### Your objective
Would you return the data exactly as given, except for its pictures?
++++ Information given ++++
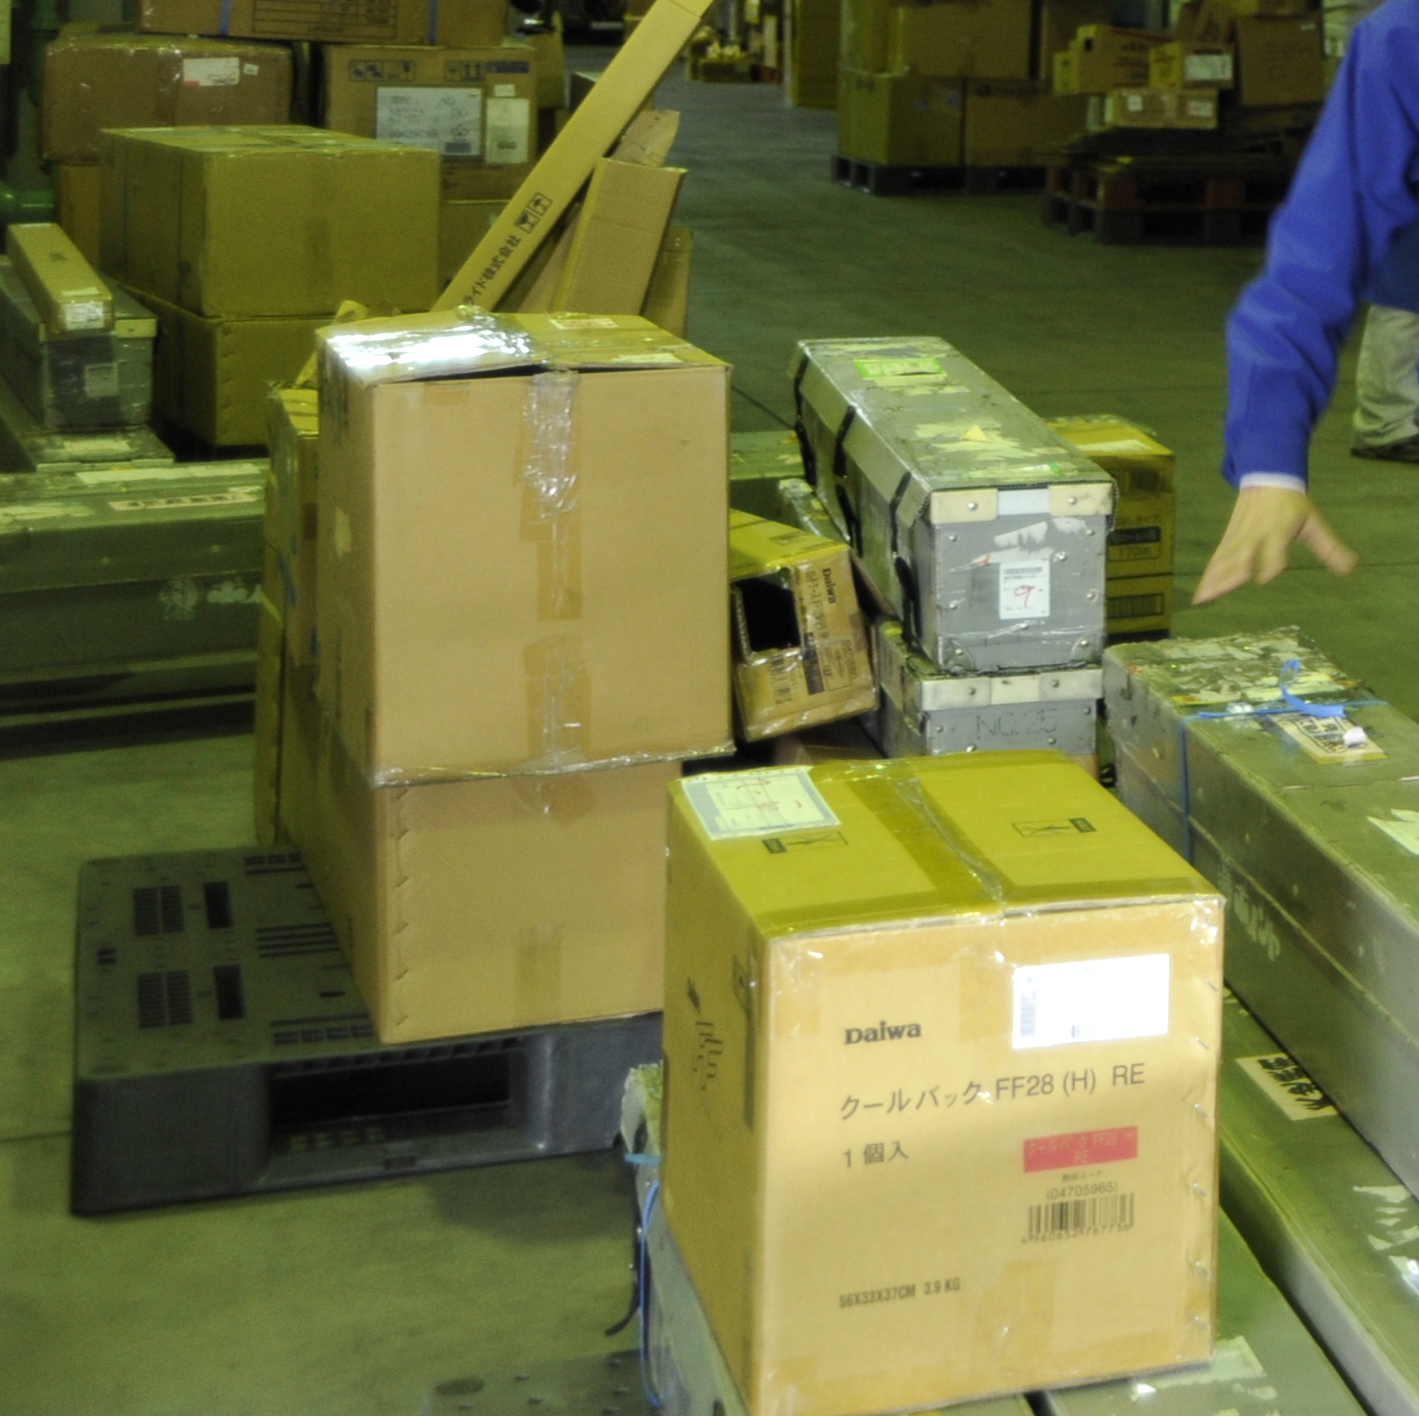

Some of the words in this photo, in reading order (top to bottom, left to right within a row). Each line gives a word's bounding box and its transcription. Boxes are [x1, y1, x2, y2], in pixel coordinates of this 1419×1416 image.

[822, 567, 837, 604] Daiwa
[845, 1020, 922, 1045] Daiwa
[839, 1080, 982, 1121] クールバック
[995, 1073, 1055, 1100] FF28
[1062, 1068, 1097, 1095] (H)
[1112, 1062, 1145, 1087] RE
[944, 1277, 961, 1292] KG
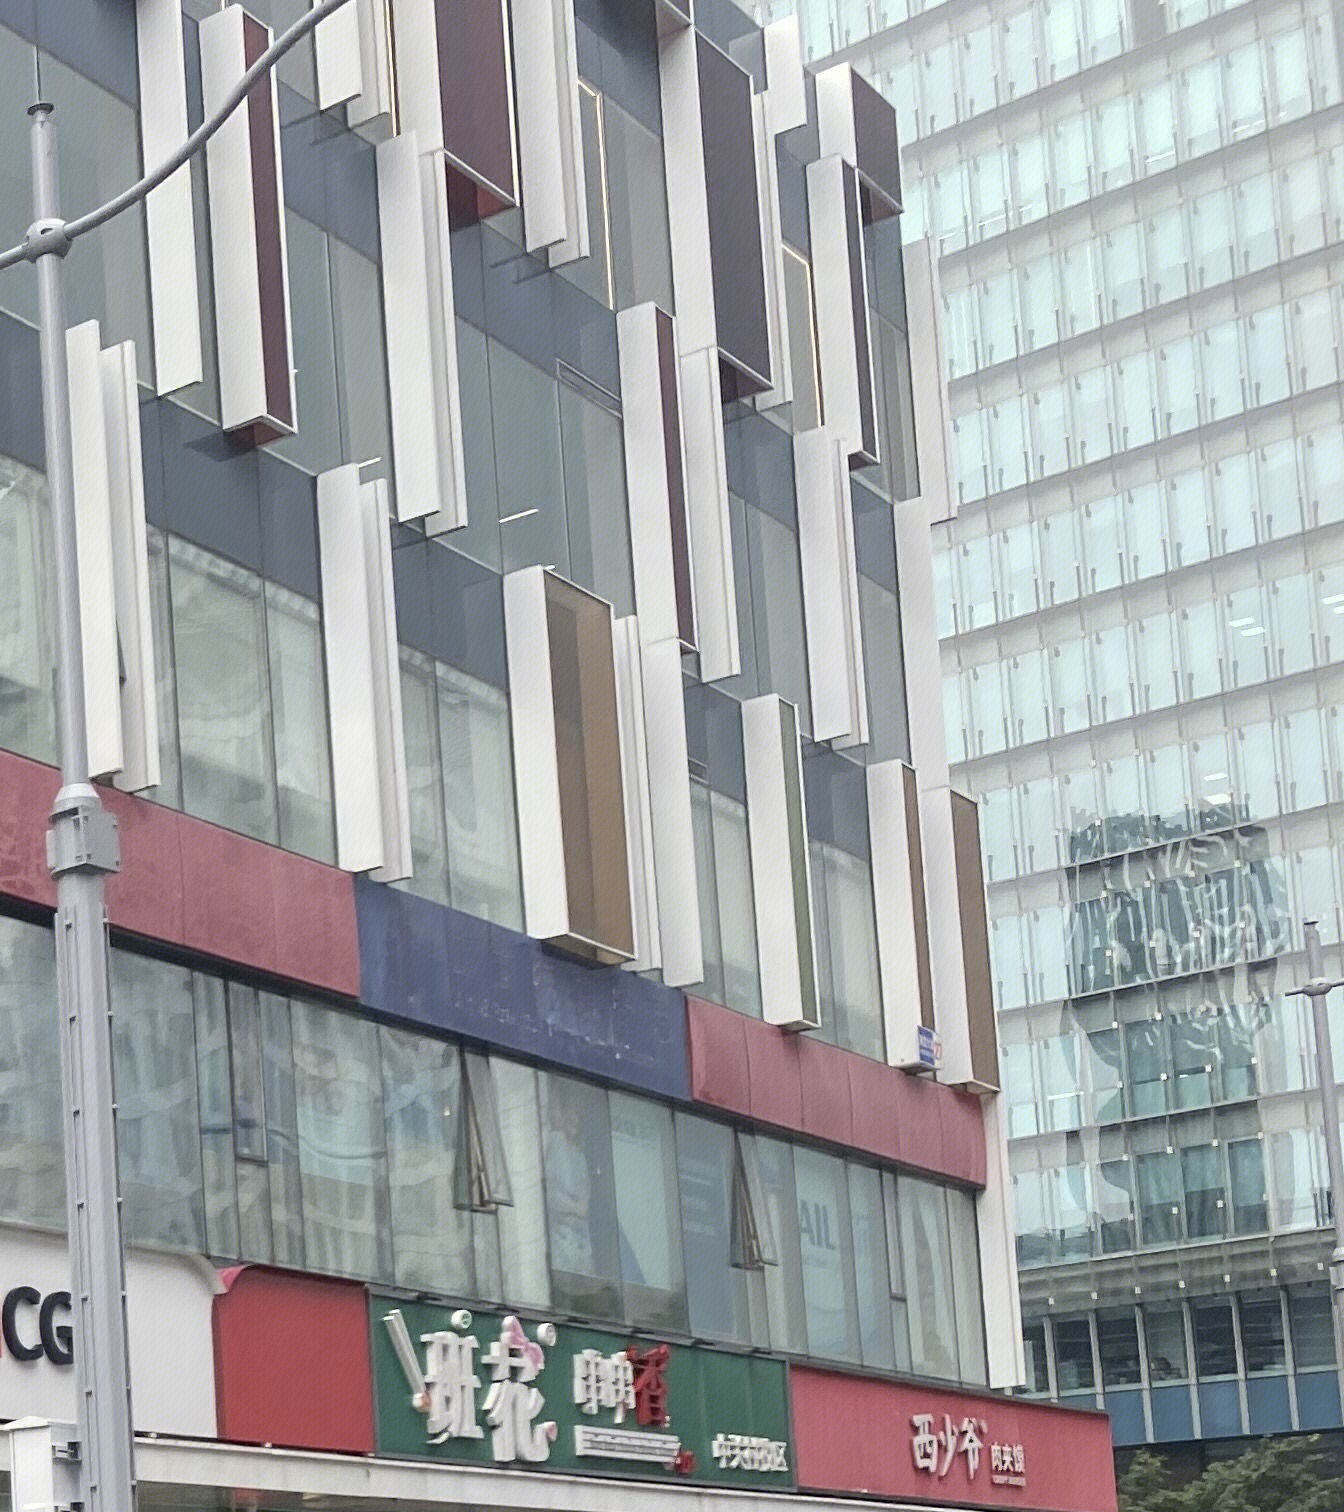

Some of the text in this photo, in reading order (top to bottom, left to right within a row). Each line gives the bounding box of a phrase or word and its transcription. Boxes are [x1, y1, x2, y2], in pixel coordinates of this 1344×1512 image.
++++
### Answer to this problem
Some of the words in this photo, in reading order (top to bottom, left to right within a row). Each line gives a word's bounding box and its transcription. Boxes are [x1, y1, x2, y2], in pixel coordinates of this 1419×1416 image.

[822, 567, 837, 604] Daiwa
[845, 1020, 922, 1045] Daiwa
[839, 1080, 982, 1121] クールバック
[995, 1073, 1055, 1100] FF28
[1062, 1068, 1097, 1095] (H)
[1112, 1062, 1145, 1087] RE
[944, 1277, 961, 1292] KG

Some of the text in this photo, in reading order (top to bottom, left to right within a row). Each line gives the bounding box of a phrase or word and its transcription. Boxes are [x1, y1, x2, y2], in pixel coordinates of this 1344×1512 image.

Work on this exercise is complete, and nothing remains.